Page 9 of Tormented Oath

“Boss?" Matteo's voice sounds distant. "The next applicant?—"

I move slowly, aware of all eyes in the club tracking my movement. Let them watch. Let them see exactly what happens when Stefano Rega claims something as his own.

"You, stay.” I point at her and then turn to Matteo. “Everyone else..." My voice is barely recognizable. "Get out. Now."

The room clears instantly, my people trained to recognize the danger in my tone. But I can't tear my eyes from her. A thousand questions war in my mind.

Where has she been? What happened to the sweet girl who blushed at her first kiss? Who taught her to move like sin incarnate?

And most importantly—who the fuck do I have to kill for putting her on this stage?

She hasn't moved at all, her expression carefully neutral, but I know her tells. The slight lift of her chin, the almost imperceptible shift of her weight—she's preparing to run.

Not this time.

I force myself to move slowly, though every instinct screams at me to grab her, to demand answers for ten years of searching. Most of all, I want to claim her, make sure everyone knows she's mine.

But I can't. Not yet. She's like a wild creature. One wrong move, and she'll bolt.

"Ava D’Amato, I must say I’m shocked. A smart girl like you," I drawl, stalking toward the stage, "dancing in a place like this. Times must be hard."

Her eyes meet mine, and the look of recognition I see in her gaze nearly brings me to my knees. Then a flash of something—memory, shock, fear—crosses her face before she masks it. There's also wariness there now, shadows that weren't there at sixteen.

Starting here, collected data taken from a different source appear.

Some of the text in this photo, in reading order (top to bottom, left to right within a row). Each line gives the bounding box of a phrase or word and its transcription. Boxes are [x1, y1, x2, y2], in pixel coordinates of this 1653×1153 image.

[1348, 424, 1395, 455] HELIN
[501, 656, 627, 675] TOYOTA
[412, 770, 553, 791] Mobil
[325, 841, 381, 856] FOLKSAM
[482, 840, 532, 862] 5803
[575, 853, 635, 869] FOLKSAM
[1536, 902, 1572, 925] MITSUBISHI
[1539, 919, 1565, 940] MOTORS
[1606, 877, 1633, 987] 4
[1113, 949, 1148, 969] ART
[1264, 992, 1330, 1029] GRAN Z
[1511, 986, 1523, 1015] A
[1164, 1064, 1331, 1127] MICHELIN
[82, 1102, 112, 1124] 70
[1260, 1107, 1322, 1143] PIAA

What put those shadows there? Who hurt her?

The need to know claws at my insides.

"A girl's got to eat,” she says, not breaking eye contact.

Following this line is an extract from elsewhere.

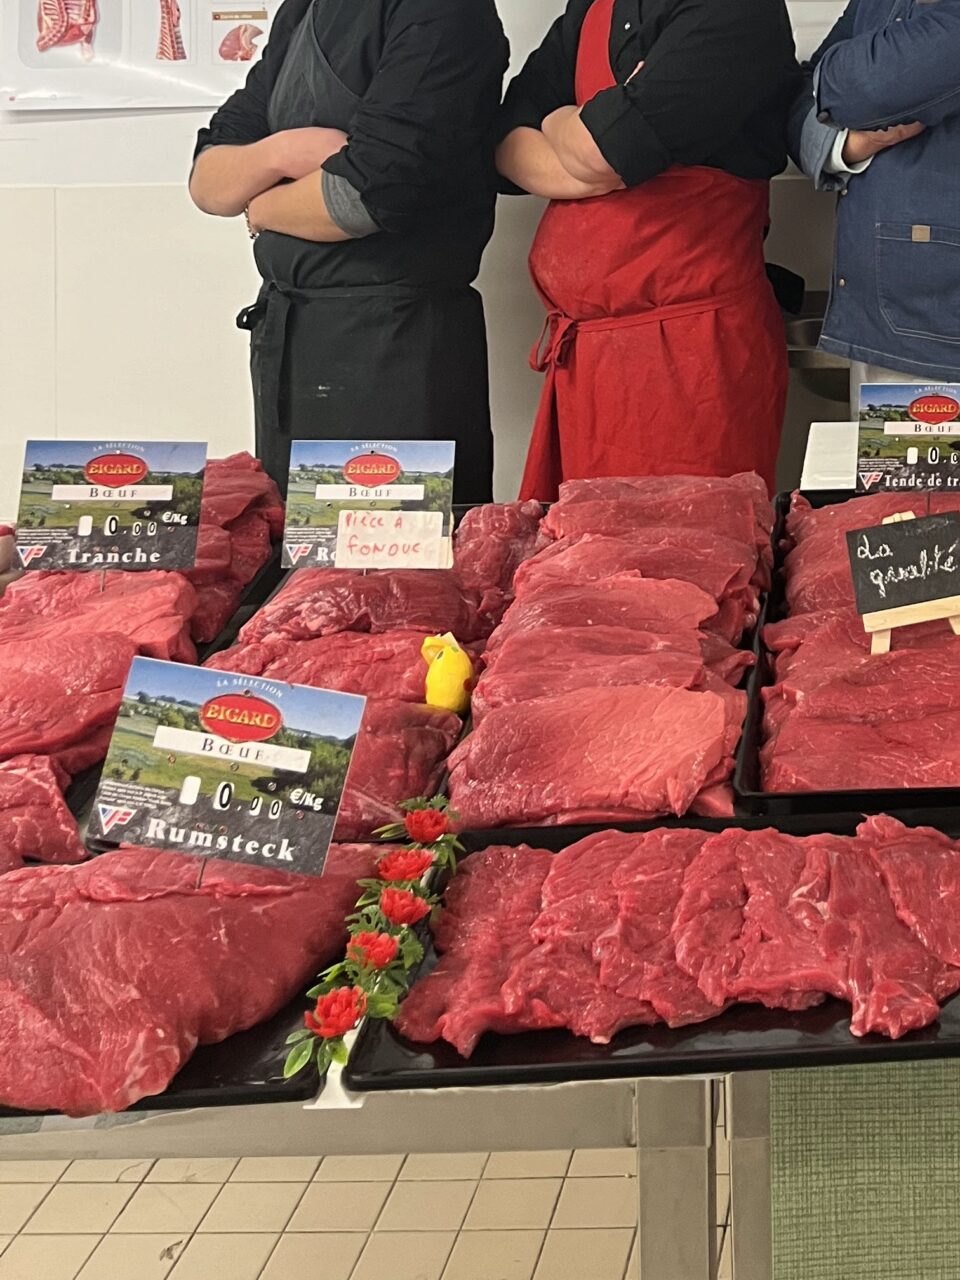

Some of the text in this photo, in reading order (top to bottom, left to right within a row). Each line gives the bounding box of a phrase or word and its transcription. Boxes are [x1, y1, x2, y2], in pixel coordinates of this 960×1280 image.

Her voice. Christ. It’s deeper than I remember, with an edge that speaks of years lived hard and fast. It shoots straight to my gut, awakening the monster I've spent years trying to cage.

I maintain a careful distance as I circle her, drinking in every detail. The sweet girl who used to read philosophy books under the oak tree is gone, replaced by this magnificent female.

"You were always the clever one," I continue, each word measured. "You could have been anything. A doctor, A lawyer." I pause, letting my next words draw blood. "Instead, you’re dancing?”

Her spine stiffens. "You don't know anything about me anymore."

I want to shake her, to demand where she's been, why she left, why she never looked back. The questions burn in my throat, but I swallow them down.

"I know that you look like you're running from something." I move closer, drawn by the magnetic pull she's always had on me.

Her perfume hits me—expensive, exotic, nothing like the sweet vanilla she used to wear.

"I know it looks like you need money fast."

My eyes trace her body, noting the tension in her muscles, the way she holds herself like a weapon.

"I know you're better than this."

The overhead lights catch the sheen of sweat on her collarbone, and my hands itch to trace the path it takes down her chest. The attraction between us has always been magnetic, inevitable as gravity, but now it's edged with something darker. Something dangerous.

She meets my gaze unflinchingly, and Christ, there she is—my Ava, defiant and fearless, even now. The need to possess her, to never let her out of my sight again, threatens to overwhelm me.

"Are you going to give me the job or not?"

Still, she’s challenging me. She’s still acting like this is just another audition, like we're strangers, like she hasn't been the ghost haunting my every moment for a decade.

I step closer, claiming her space, pleased when she doesn't retreat. "That depends." I pitch my voice low, intimate. "Are you planning to disappear again?"